In vitro reconstitution of a newly discovered isonitrile synthase (AmbI1 and AmbI2) and the detection of an elusive intermediate (S)-3-(1H-indol-3-yl)-2-isocyanopropanoic acid 1 in indolyl vinyl isocyanide biogenesis are reported. The characterization of iron/2-oxoglutarate (Fe/2OG) dependent desaturases IsnB and AmbI3 sheds light on the possible mechanism underlying stereoselective alkene installation to complete the biosynthesis of (E)- and (Z)-3-(2-isocyanovinyl)-1H-indole 2 and 5. Establishment of a tractable isonitrile synthase system (AmbI1 and AmbI2) paves the way to elucidate the enigmatic enzyme mechanism for isocyanide formation.

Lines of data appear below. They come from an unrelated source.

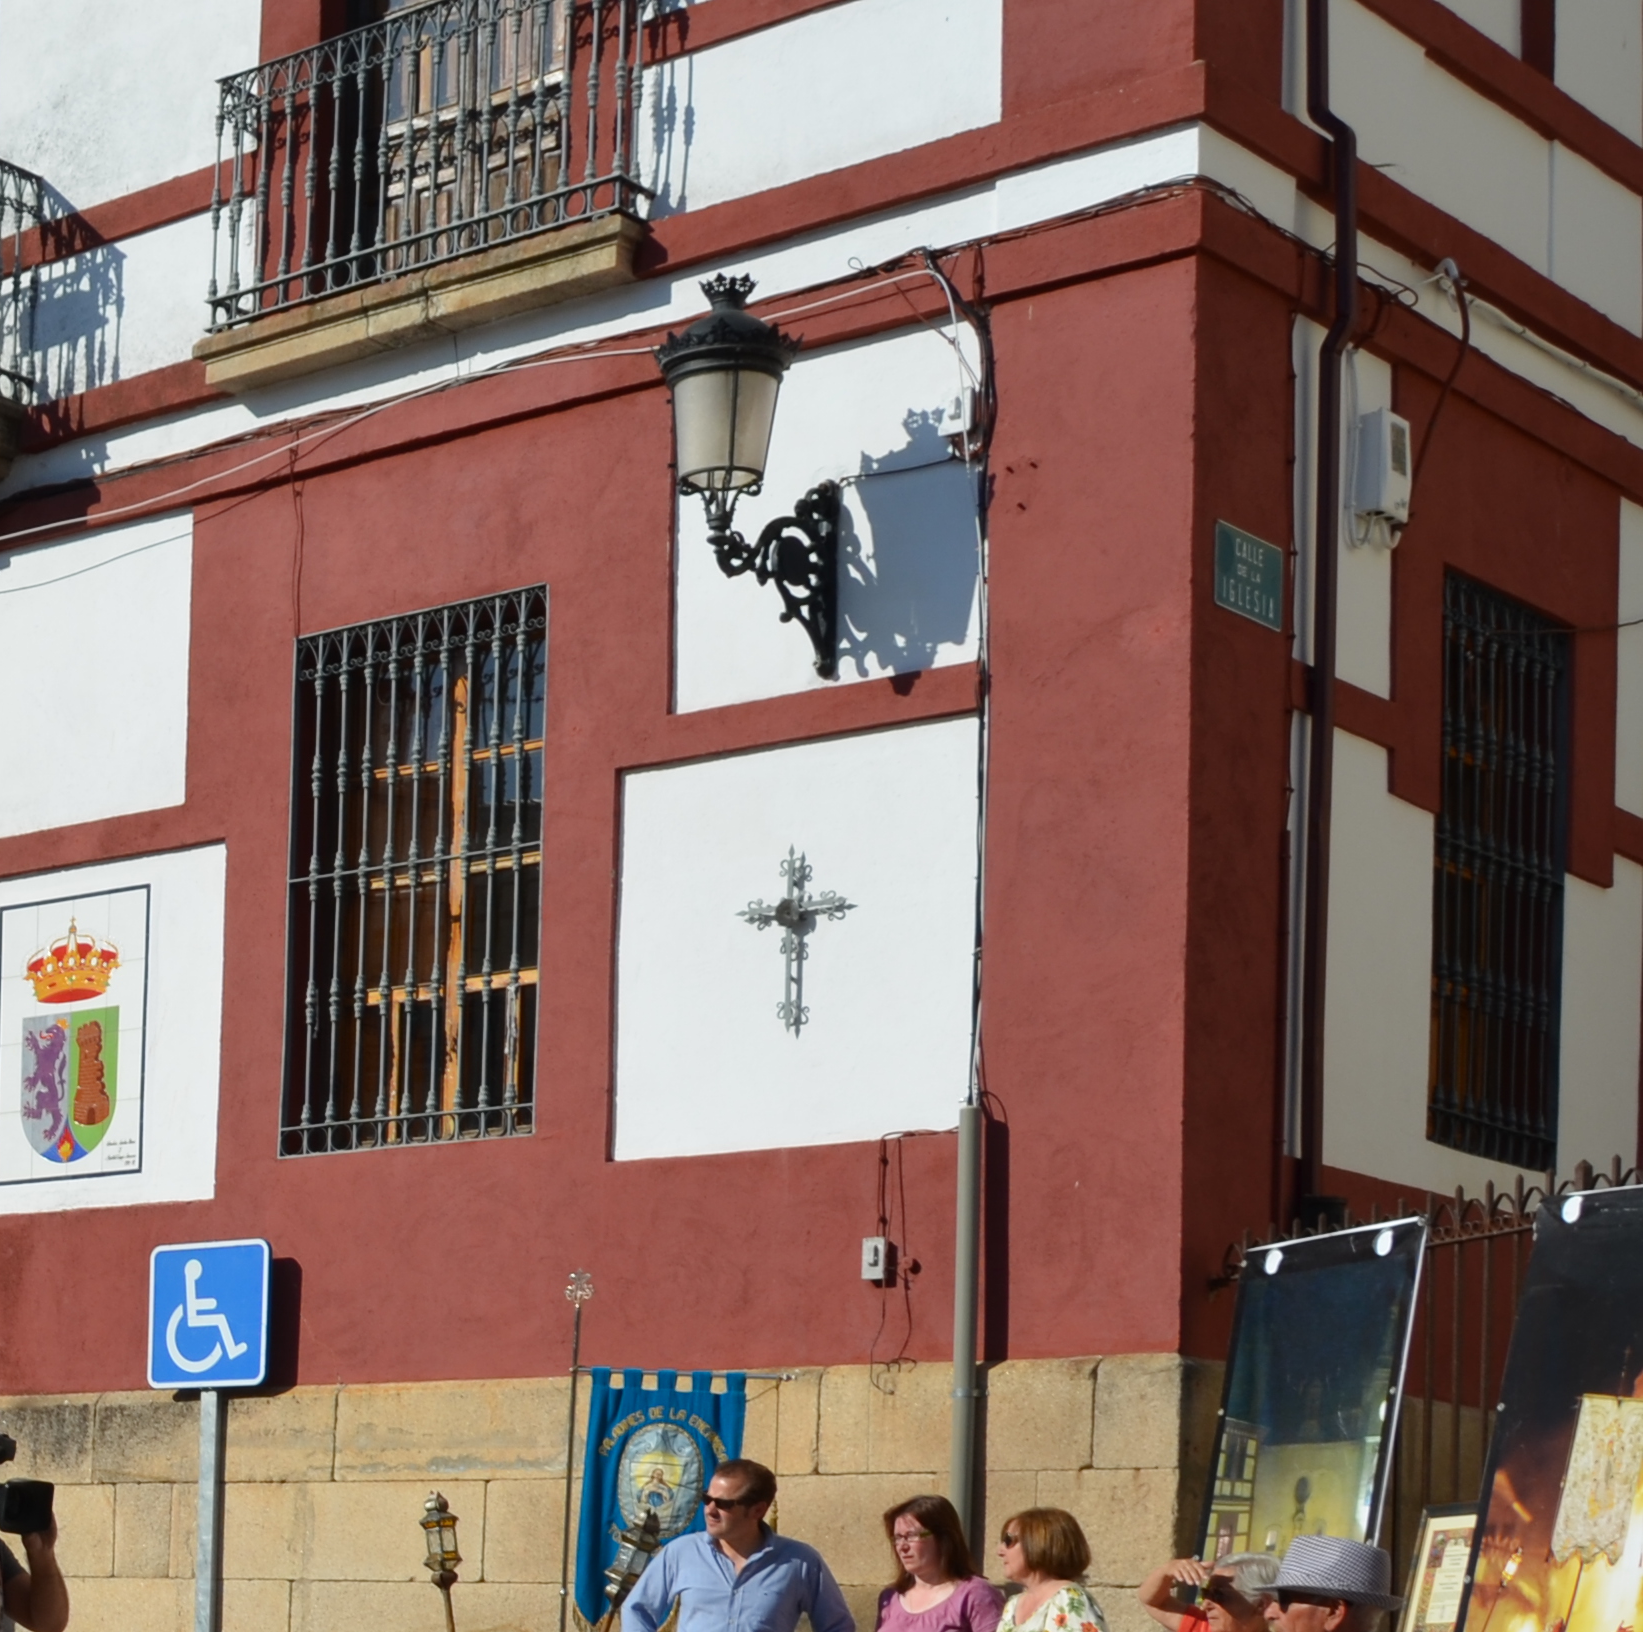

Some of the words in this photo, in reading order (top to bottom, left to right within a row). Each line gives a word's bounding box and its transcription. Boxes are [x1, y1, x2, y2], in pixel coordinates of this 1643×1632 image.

[1235, 538, 1264, 567] CALLE
[1236, 563, 1248, 578] DE
[1250, 571, 1261, 584] LA
[1222, 576, 1275, 620] IGLESIA
[649, 1405, 665, 1420] DE
[669, 1407, 687, 1421] LA
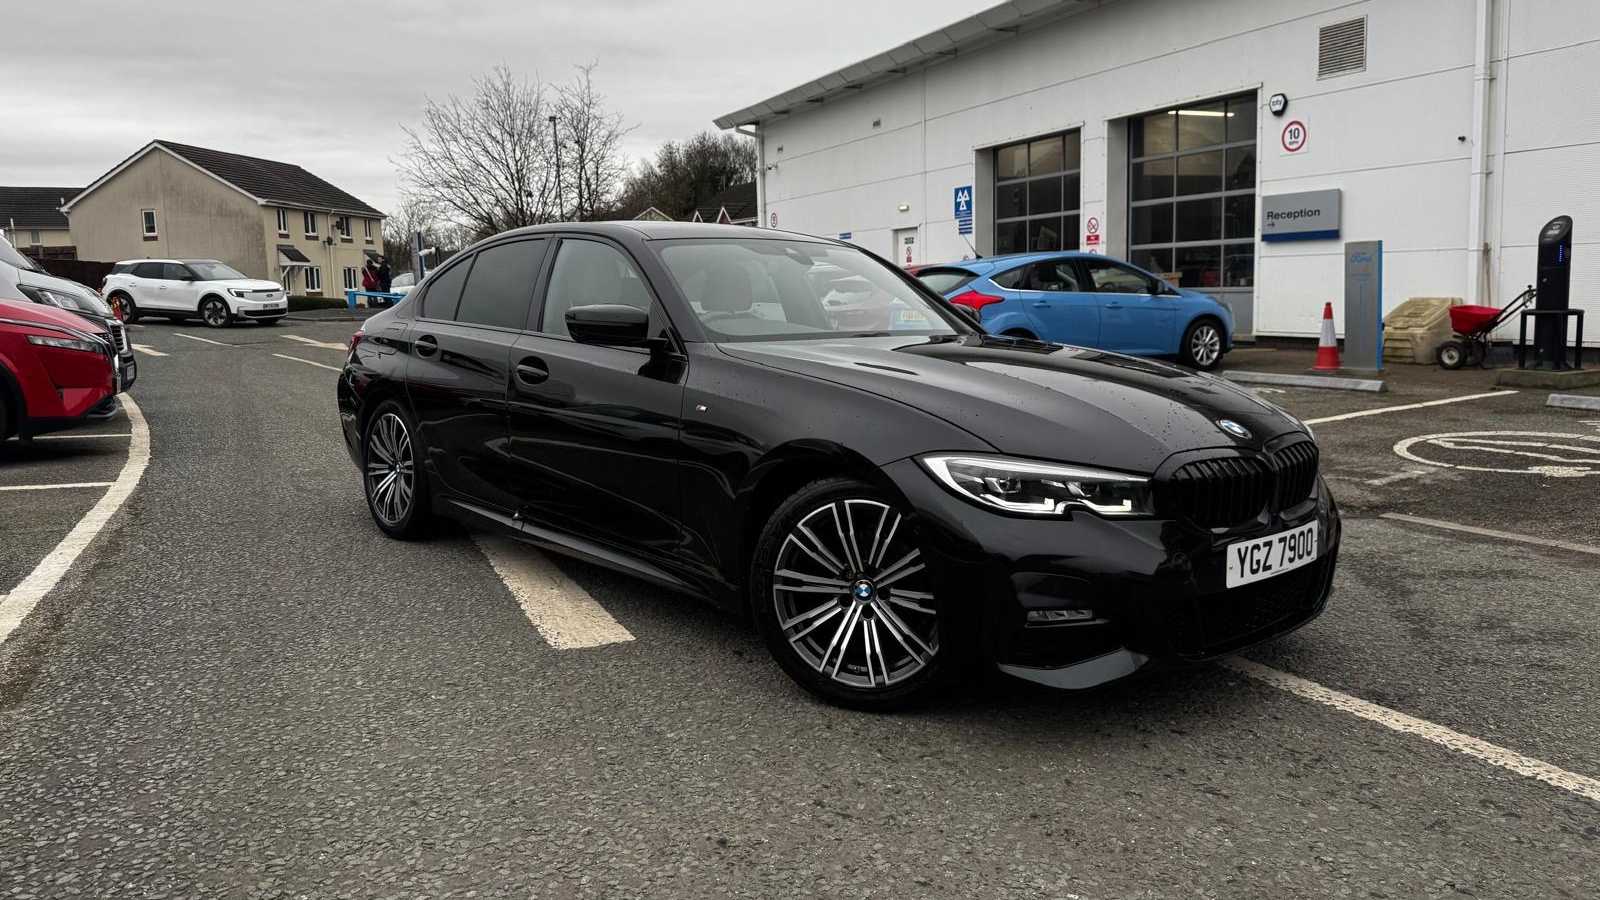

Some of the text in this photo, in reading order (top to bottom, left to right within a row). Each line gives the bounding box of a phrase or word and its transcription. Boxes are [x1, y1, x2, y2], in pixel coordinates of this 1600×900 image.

[1288, 127, 1300, 140] 10
[1266, 208, 1321, 220] Reception
[1237, 527, 1314, 578] YGZ 7900

Substrate Conformation Correlates with the Outcome of Hyoscyamine 6β-Hydroxylase Catalyzed Oxidation Reactions

Hyoscyamine 6β-hydroxylase (H6H) is an α-ketoglutarate dependent mononuclear nonheme iron enzyme that catalyzes C6-hydroxylation of hyoscyamine and oxidative cyclization of the resulting product to give the oxirane natural product scopolamine. Herein, the chemistry of H6H is investigated using hyoscyamine derivatives with modifications at the C6 or C7 position as well as substrate analogues possessing a 9-azabicyclo[3.3.1]nonane core. Results indicate that hydroxyl rebound is unlikely to take place during the cyclization reaction and that the hydroxylase versus oxidative cyclase activity of H6H is correlated with the presence of an exo-hydroxy group having syn-periplanar geometry with respect to the adjacent H atom to be abstracted.